Your goal
Reproduce the listing in full. Omit the pictures.

------------------------------

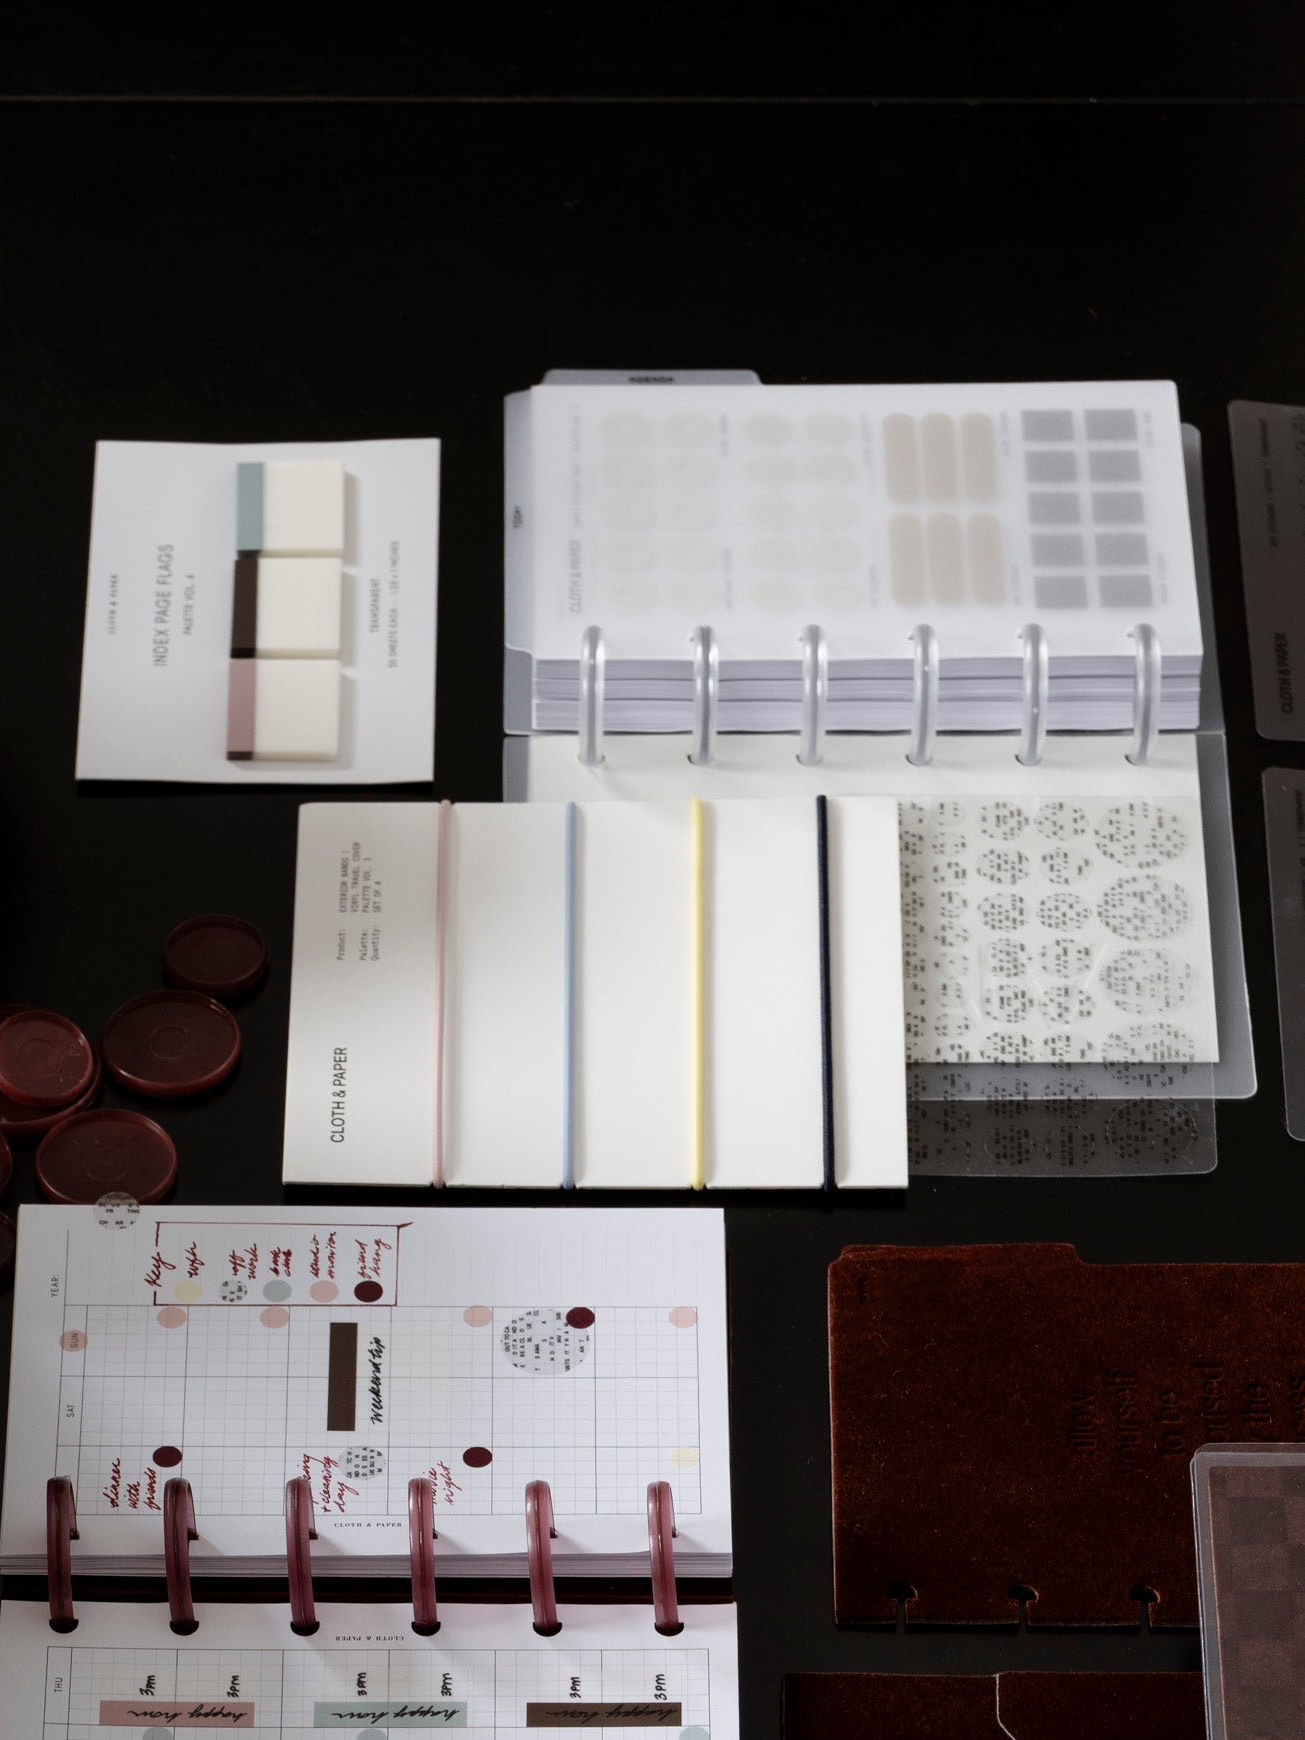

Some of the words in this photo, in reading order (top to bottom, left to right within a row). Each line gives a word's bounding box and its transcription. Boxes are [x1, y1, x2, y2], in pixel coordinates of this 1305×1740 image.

[155, 543, 175, 586] FLAGS
[154, 590, 172, 624] PAGE
[184, 583, 196, 601] VOL.
[368, 578, 381, 634] TRANSPARENT
[182, 604, 195, 636] PALETTE
[151, 628, 170, 667] INDEX
[340, 856, 350, 878] BANDS
[352, 841, 362, 862] COVER
[351, 865, 361, 890] TRAVEL
[373, 889, 383, 897] OF
[338, 880, 349, 913] EXTERIOR
[351, 892, 361, 913] VINYL
[361, 885, 372, 913] PALETTE
[372, 900, 383, 913] SET
[336, 928, 347, 961] Product:
[359, 929, 370, 961] Palette:
[370, 925, 382, 961] Quantity:
[332, 1047, 348, 1087] PAPER
[332, 1089, 347, 1098] &
[330, 1101, 347, 1144] CLOTH
[242, 1243, 259, 1281] work
[50, 1274, 60, 1298] YEAR:
[70, 1331, 81, 1351] SUN
[66, 1403, 76, 1418] SAT
[101, 1457, 121, 1508] dinner
[123, 1480, 141, 1510] with
[332, 1480, 359, 1513] day
[438, 1460, 463, 1506] night
[53, 1677, 63, 1693] THU

------------------------------

Written answer
Some of the words in this photo, in reading order (top to bottom, left to right within a row). Each line gives a word's bounding box and its transcription. Boxes are [x1, y1, x2, y2], in pixel coordinates of this 1305×1740 image.

[155, 543, 175, 586] FLAGS
[154, 590, 172, 624] PAGE
[184, 583, 196, 601] VOL.
[368, 578, 381, 634] TRANSPARENT
[182, 604, 195, 636] PALETTE
[151, 628, 170, 667] INDEX
[340, 856, 350, 878] BANDS
[352, 841, 362, 862] COVER
[351, 865, 361, 890] TRAVEL
[373, 889, 383, 897] OF
[338, 880, 349, 913] EXTERIOR
[351, 892, 361, 913] VINYL
[361, 885, 372, 913] PALETTE
[372, 900, 383, 913] SET
[336, 928, 347, 961] Product:
[359, 929, 370, 961] Palette:
[370, 925, 382, 961] Quantity:
[332, 1047, 348, 1087] PAPER
[332, 1089, 347, 1098] &
[330, 1101, 347, 1144] CLOTH
[242, 1243, 259, 1281] work
[50, 1274, 60, 1298] YEAR:
[70, 1331, 81, 1351] SUN
[66, 1403, 76, 1418] SAT
[101, 1457, 121, 1508] dinner
[123, 1480, 141, 1510] with
[332, 1480, 359, 1513] day
[438, 1460, 463, 1506] night
[53, 1677, 63, 1693] THU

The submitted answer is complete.